Do No Harm, a secular organization of medical professionals and public policy experts, published the database showing which hospitals subject children to “transgender” surgeries. The data come from medical billing codes, which medical practices submit to insurance companies to claim payment. Every procedure performed in the United States is documented with a procedure code and corresponding diagnosis code.
“We’ve actually been hot on Providence’s trail for a while, and now we have hard evidence to show they are violating Catholic teaching and harming children,” said Tommy Valentine, director of CatholicVote’s Catholic Accountability Project.

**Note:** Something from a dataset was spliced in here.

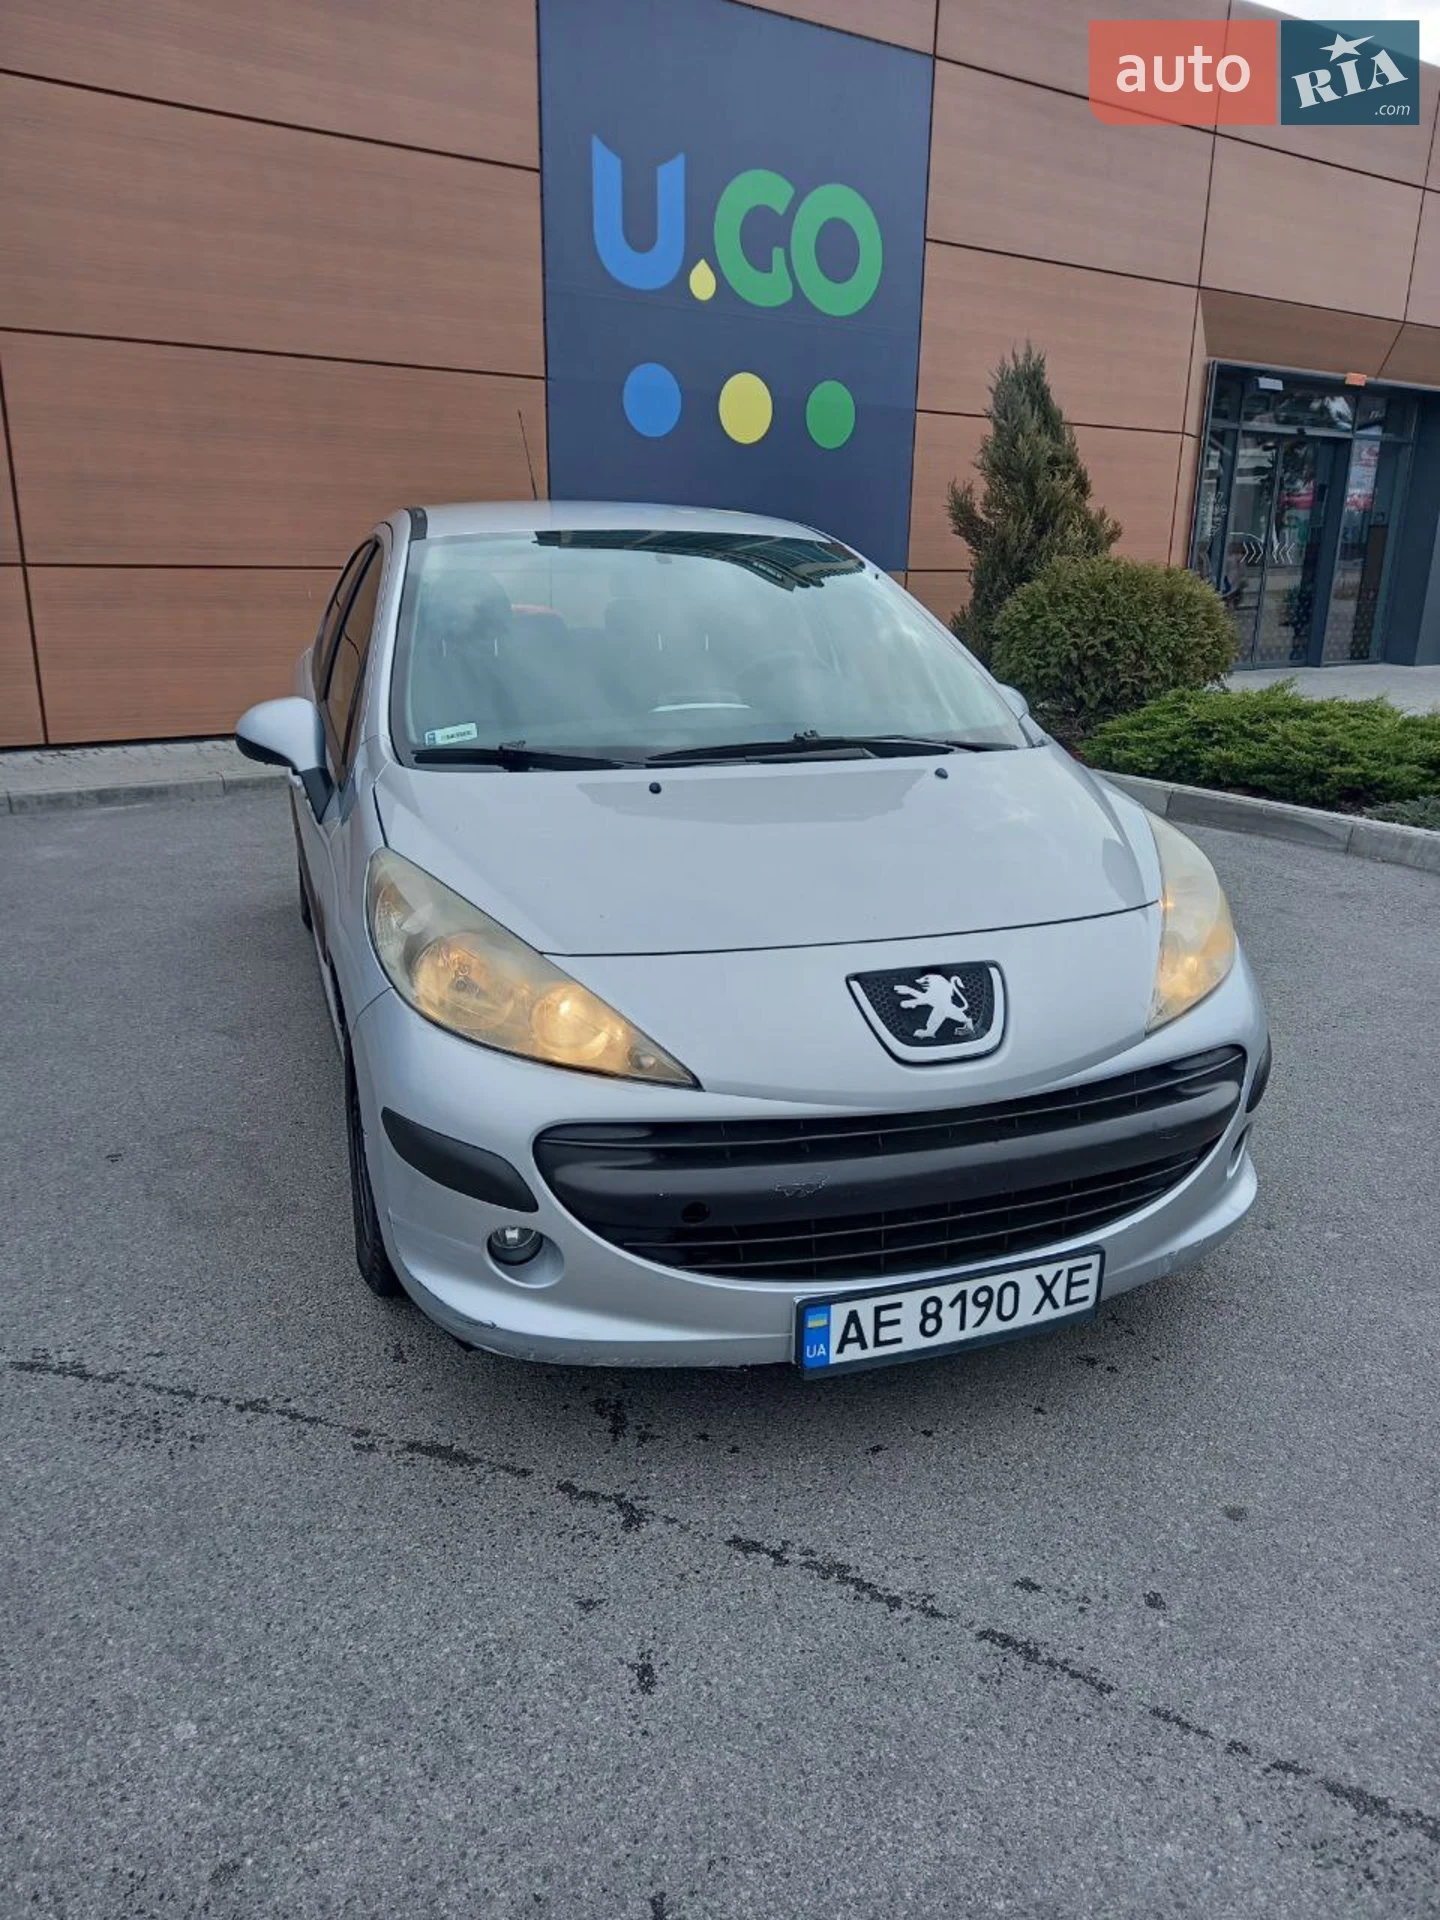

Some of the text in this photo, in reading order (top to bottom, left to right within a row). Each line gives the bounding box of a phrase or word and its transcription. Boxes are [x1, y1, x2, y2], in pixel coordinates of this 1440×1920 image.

[836, 1262, 1093, 1354] AE 8190 XE
[805, 1343, 827, 1358] UA

In a little-known article published at the Seattle Times last year, Providence confirmed the system would begin performing “some gender affirming surgeries, but not on ‘primary’ sex organs such as the uterus, according to spokesperson Melissa Tizon.”
“Under their twisted logic,” Valentine explained, “a trans mutilation surgery like a mastectomy on a teenage girl is permissible because it doesn’t directly affect reproductive organs. No serious Catholic ethicist would agree with that absurd proposition.”

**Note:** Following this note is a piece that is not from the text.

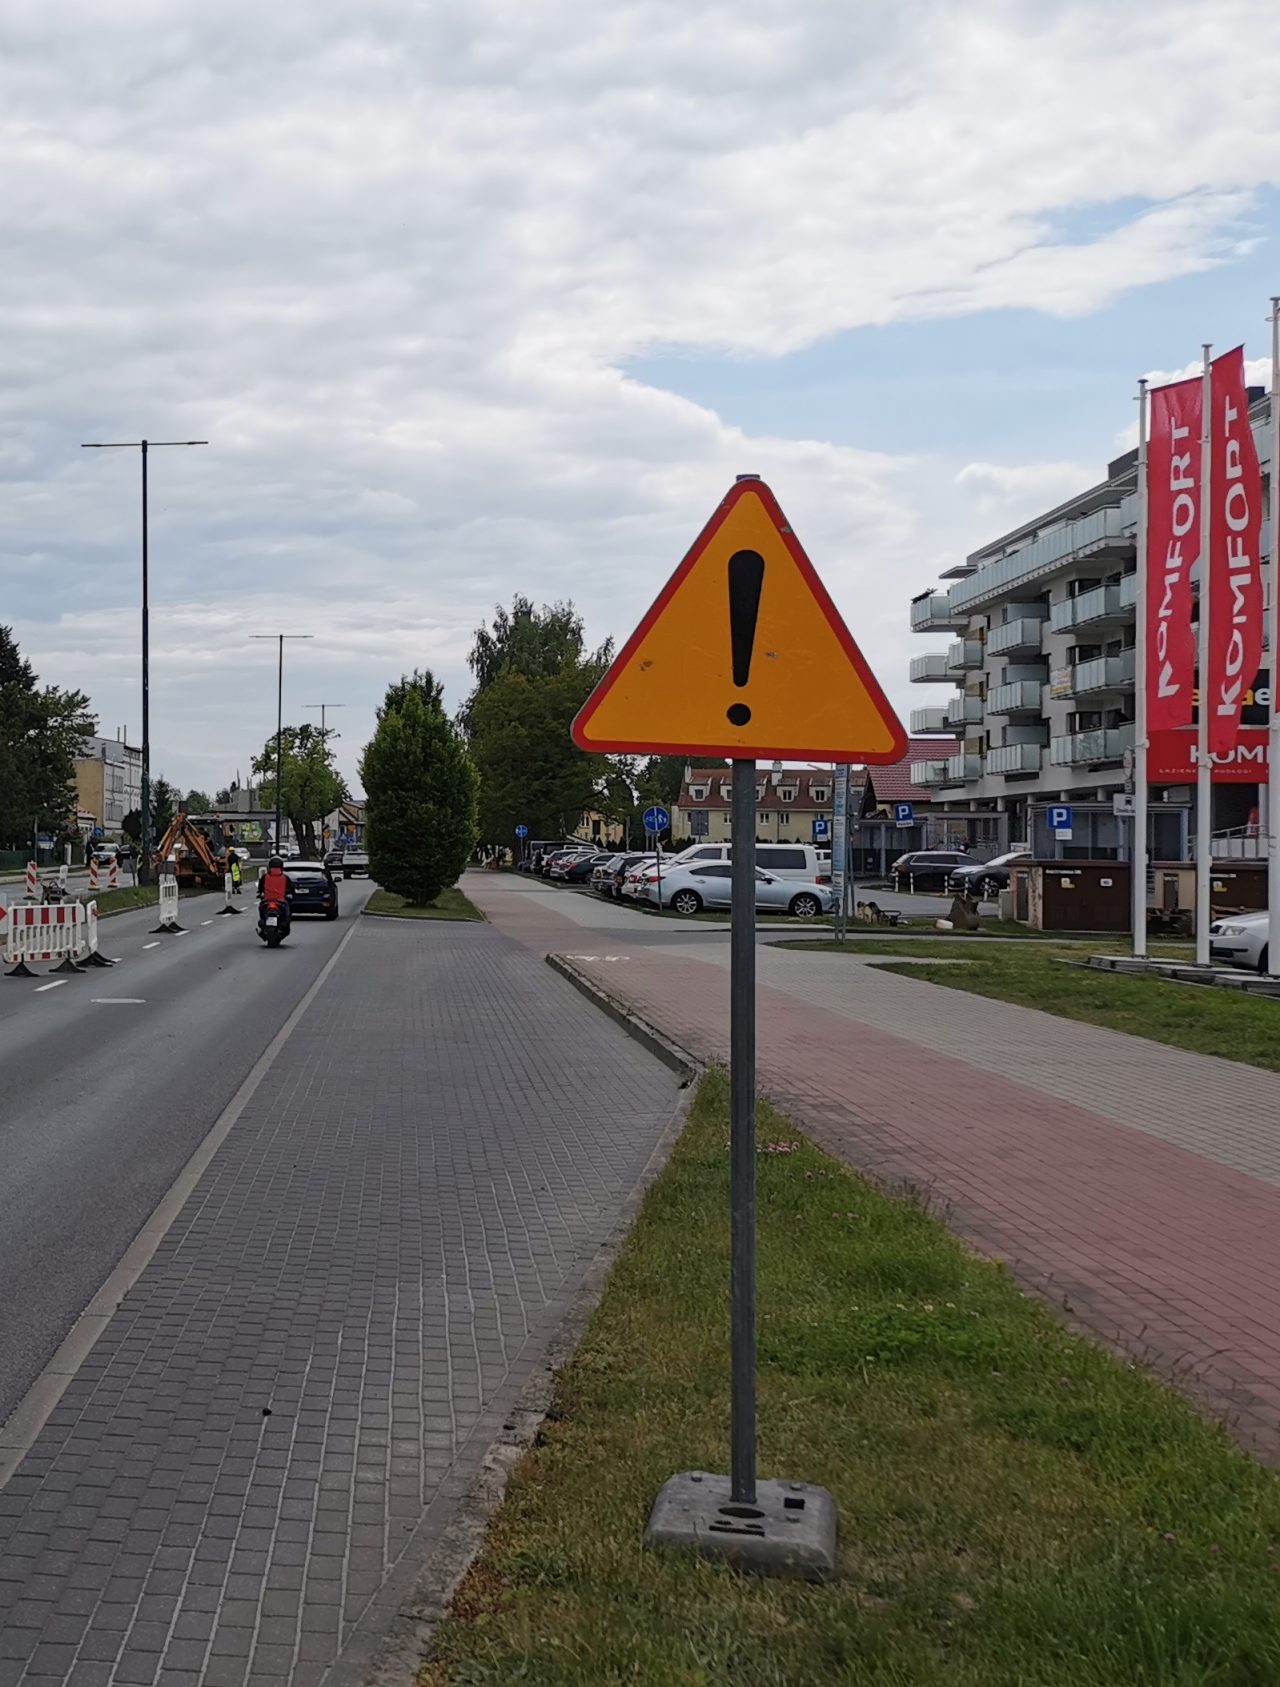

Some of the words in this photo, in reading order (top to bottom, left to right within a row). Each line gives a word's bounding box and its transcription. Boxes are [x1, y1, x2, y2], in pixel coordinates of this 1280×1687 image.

[1157, 417, 1195, 698] KOMFORT
[1217, 396, 1251, 715] KOMFORT
[898, 805, 909, 819] P
[1053, 808, 1067, 826] P

1/ With our first-of-its kind analysis, the Stop the Harm database, we set out to expose the child trans industry in America.
— Do No Harm (@donoharm) October 8, 2024
The database analyzed claims data from hospitals across the country performing sex change interventions on minors. Here is what we found (🧵🧵):…
After finding the Seattle Times article, which went unreported in Catholic media, Valentine says he began digging deeper into Providence and roots of the subversive policy.
His investigation led him to a 2019 academic paper published in the journal of the Catholic Health Association by Dr. Peter J. Cataldo, who at the time was the Group Vice President for Theology and Ethics at Providence. In the paper, Cataldo claimed, “It is not contradictory to claim that a person’s sense of gender can be contrary to the ontological dimension of the creation of that person as male or female.”
The paper argued that the removal or modification of secondary sex characteristics – such as mastectomies of healthy breasts, cross-sex hormones, vocal cord surgeries, and other “transgender” procedures – are acceptable under Catholic moral principles. Cataldo cited Pope St. John Paul II and Pope Benedict XVI in making his case.
“Everyone knows that JPII and Pope Benedict would be horrified to hear someone cite them to justify irreversible mutilations of troubled children,” Valentine lamented.
In 2020, Providence started an initiative called the LGBTQIA+ Program. According to their website, “Thanks to new services and education of Providence staff, patients are connected to gender-affirming primary and specialty care clinicians, surgeons and mental health professionals.”
Gender-affirming care is a euphemism for mutilation surgeries, cross-sex hormones, and puberty blockers.
High-ranking Providence employees have publicly expressed support for transgender ideology. Jamez Terry, an unordained man who serves as Lead Chaplain at Providence Alaska Children’s Hospital in Anchorage, co-authored an article in the Catholic Health Association’s journal last year which said the steps of a transgender transition “are very much the process of conversion as we see more clearly, abandon inauthenticity and embrace God’s plan.” Andi Chatburn, Senior Director for Ethics in Washington and Montana for Providence, who lists her pronouns as “she/they” and has a rainbow LGBTQ+ pride flag in her LinkedIn profile.
“We’re just scratching the surface at Providence,” Valentine said. “We are going to work hard to stop the injustice occurring under their roof.”
Providence’s roots trace back to the 19th century when the Sisters of Providence of Montreal moved over the border to start hospitals and schools in the Pacific Northwest, then a rugged wilderness.
Through a series of mergers and acquisitions, Providence has grown into a $29 billion company that owns and operates hospitals in Alaska, Washington, Oregon, California, Montana, New Mexico, and Texas.
As happened with most Catholic health systems over the last few decades, leadership and governance of Providence was turned over to a secular corporate board. Providence is sponsored under canon law by the Mother Joseph Province of the Sisters of Providence, based in Renton, Washington.
A survey of Mother Joseph Province’s social media profiles turned up an image posted in 2020 of a quotation attributed to St. Catherine of Siena: “What is it you want to change? Your hair, your face, your body? Why? For God is in love with all those things and he might weep when they are gone.”